Staying Put - Bradford's domestic violence unit - is facing a cash crisis.

The group's Home Office £380,000-a-year funding runs out at the end of March and unless they get more, the scheme will close.

Set up in 2001 as a pilot - then extended by a year - Staying Put has looked after more than 800 women and around 1,000 children in the area.

The scheme looks to keep battered women and children in their own homes with protection rather than being forced to flee to safety from violent partners.

Co-ordinator Jane Liddell said it would be "very sad" if Staying Put came to an end.

"We have certainly discovered there are effective ways of dealing with domestic violence which will become part of the mainsteam in the future," she said.

"It proves women and children do not have to flee and hide. It means they stay at home and the children get to keep their toys, their pets, their schools and their friends.

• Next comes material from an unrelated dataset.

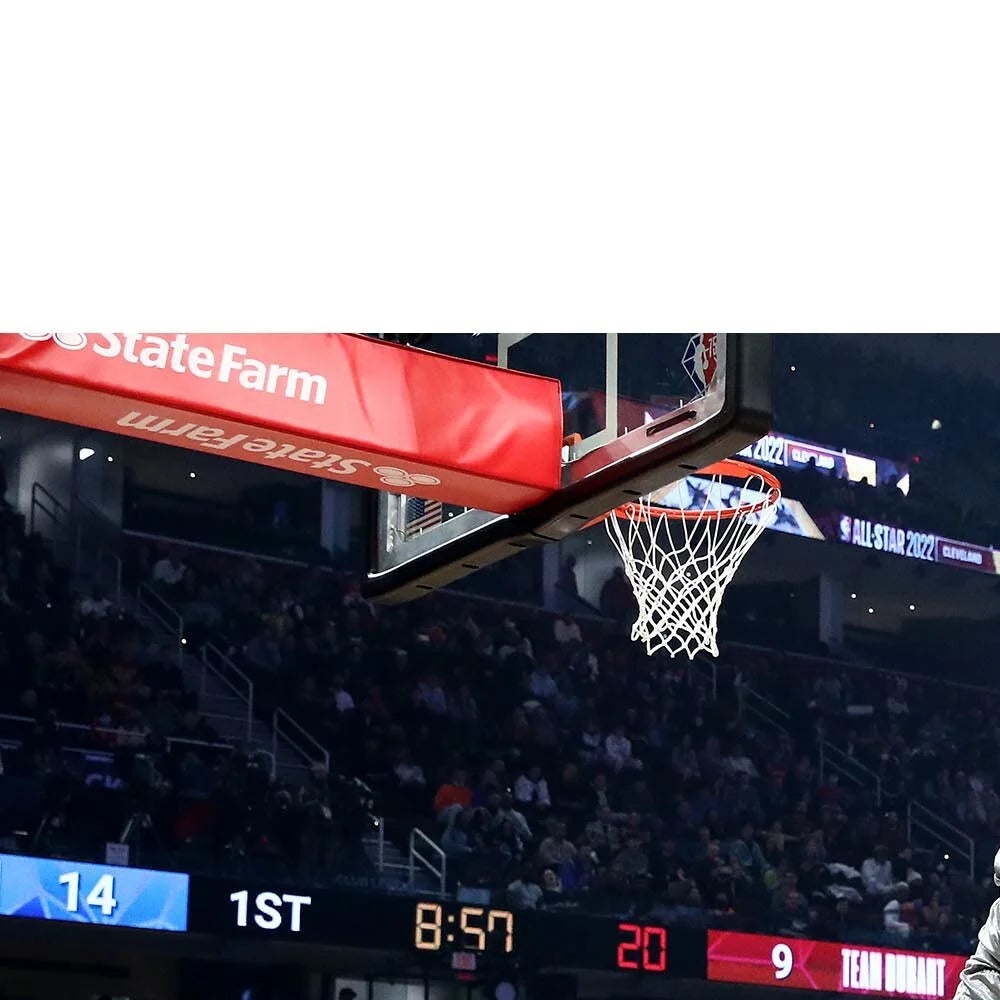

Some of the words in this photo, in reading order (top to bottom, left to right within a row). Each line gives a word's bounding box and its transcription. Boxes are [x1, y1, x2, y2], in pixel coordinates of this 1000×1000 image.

"It also means that violent men have to learn that they may have to go."

Talks will be held later this week with officials from the Council in a bid to find the funding so it can continue.

Staying Put was started by the Home Office as a pilot for one year and was then extended because of its success.

Women either contact the organisation themselves or are referred from the police's domestic violence unit.

There are around 20 staff at the project and although it initially started in Bradford alone it now includes all the districts.

Around 37 per cent of cases are from Asian or black backgrounds and this is hailed a major breakthrough.

Extra security measures are provided such as new locks, repairs to windows and doors, panic alarms and mobile-phones.

There is a 24-hour care line an legal support is also provided. Often the project's workers will accompany a victim to see a solicitor or go to court.

Only in the very worst cases are women moved out of their homes.

Wendy Gledhill, joint co-ordinator, said: "If a woman has to move out then she can become isolated.

"The majority of everyone we deal with now accepts that staying put is the best all round in most cases.

"It is the only scheme in the country and we believe it should continue."

A spokesman for the Government Office for Yorkshire and Humberside said: "Staying Put was a pilot scheme funded through the Home Office whose funding has already been extended by one year.

"The intention was always that if it was successful the scheme would seek to carry on with long-time funding from other sources."